» PROVIDED ENTRIES
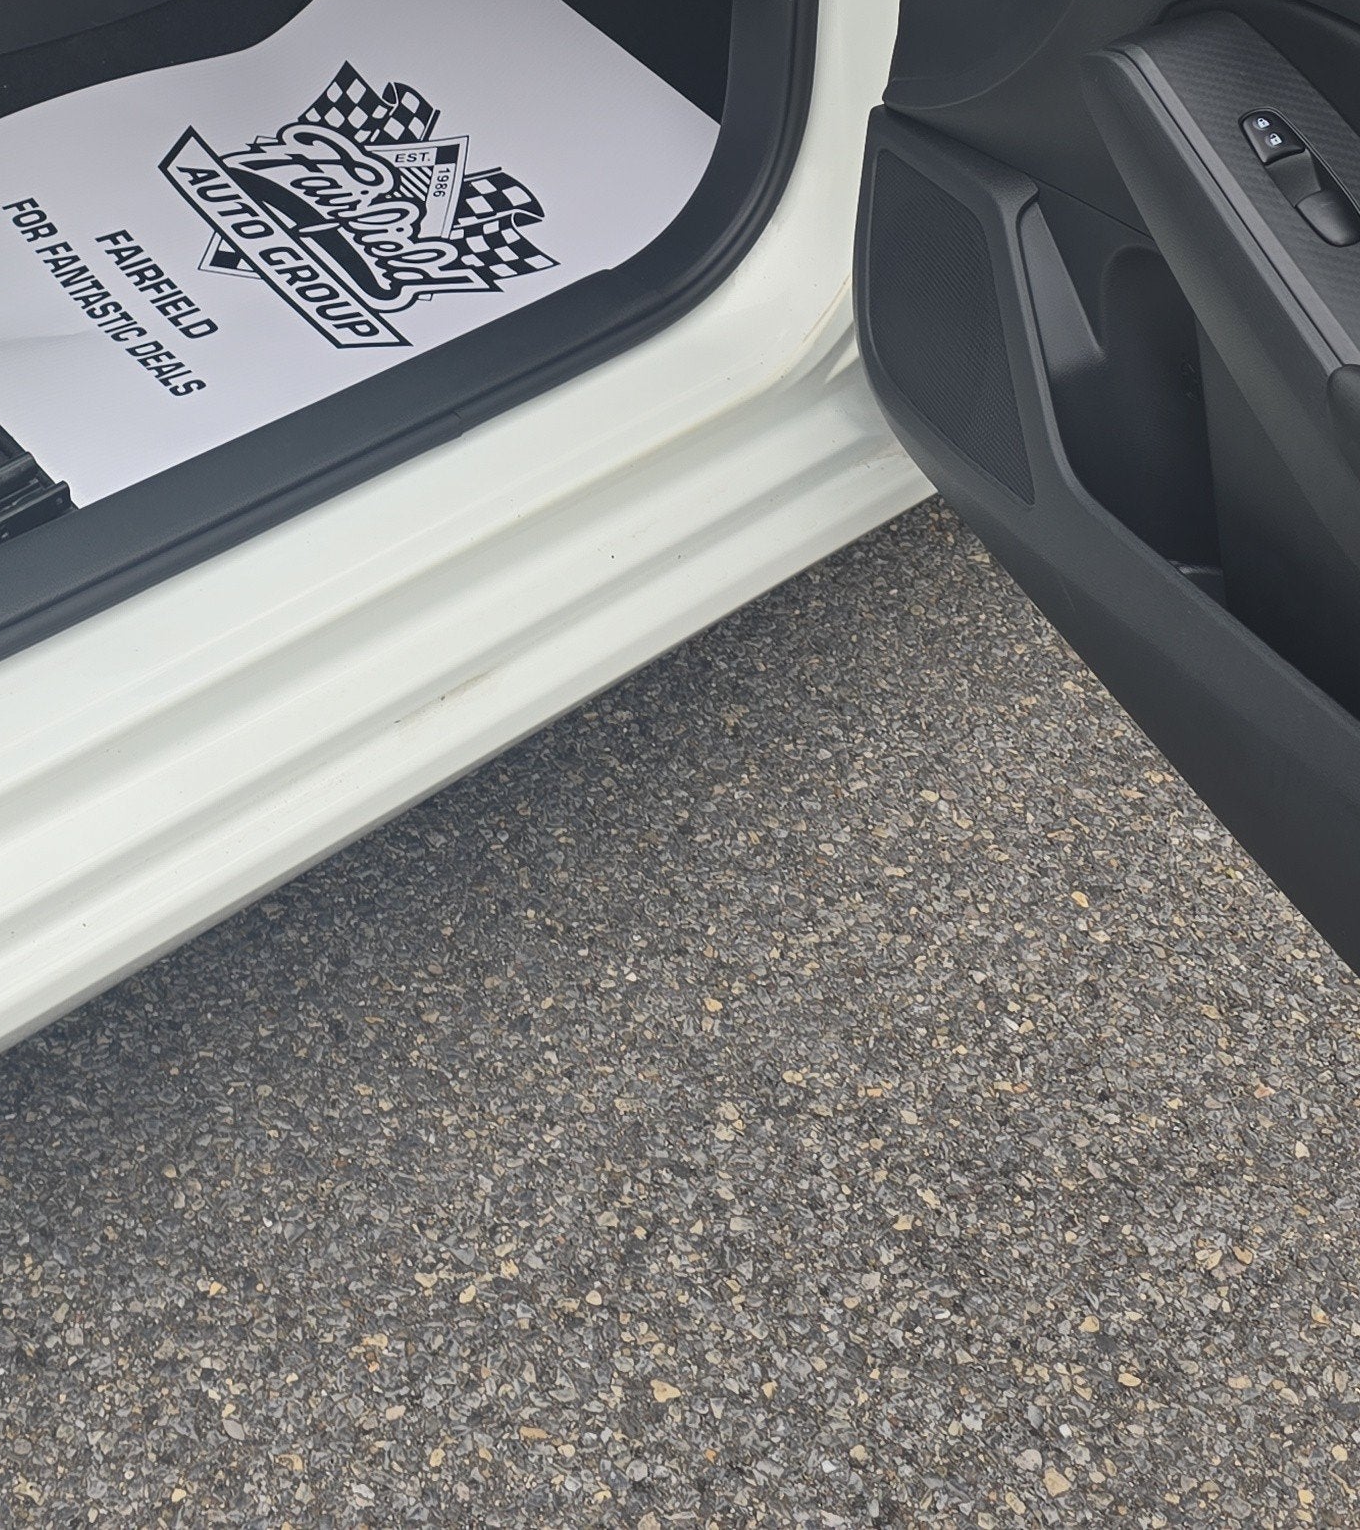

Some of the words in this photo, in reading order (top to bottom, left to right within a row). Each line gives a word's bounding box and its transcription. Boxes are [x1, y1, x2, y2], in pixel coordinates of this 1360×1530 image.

[235, 128, 478, 294] Fairfield
[394, 151, 431, 163] EST.
[433, 167, 451, 198] 1986
[2, 197, 58, 243] FOR
[35, 241, 148, 343] FANTASTIC
[125, 340, 207, 397] DEALS
[95, 229, 219, 340] FAIRFIELD
[176, 166, 275, 240] AUTO
[258, 246, 380, 339] GROUP

» INSTRUCTIONS FOR THE TASK
Copy out the material above in full and exactly; its pictures are not to appear.

» ANSWER BOX
Some of the words in this photo, in reading order (top to bottom, left to right within a row). Each line gives a word's bounding box and its transcription. Boxes are [x1, y1, x2, y2], in pixel coordinates of this 1360×1530 image.

[235, 128, 478, 294] Fairfield
[394, 151, 431, 163] EST.
[433, 167, 451, 198] 1986
[2, 197, 58, 243] FOR
[35, 241, 148, 343] FANTASTIC
[125, 340, 207, 397] DEALS
[95, 229, 219, 340] FAIRFIELD
[176, 166, 275, 240] AUTO
[258, 246, 380, 339] GROUP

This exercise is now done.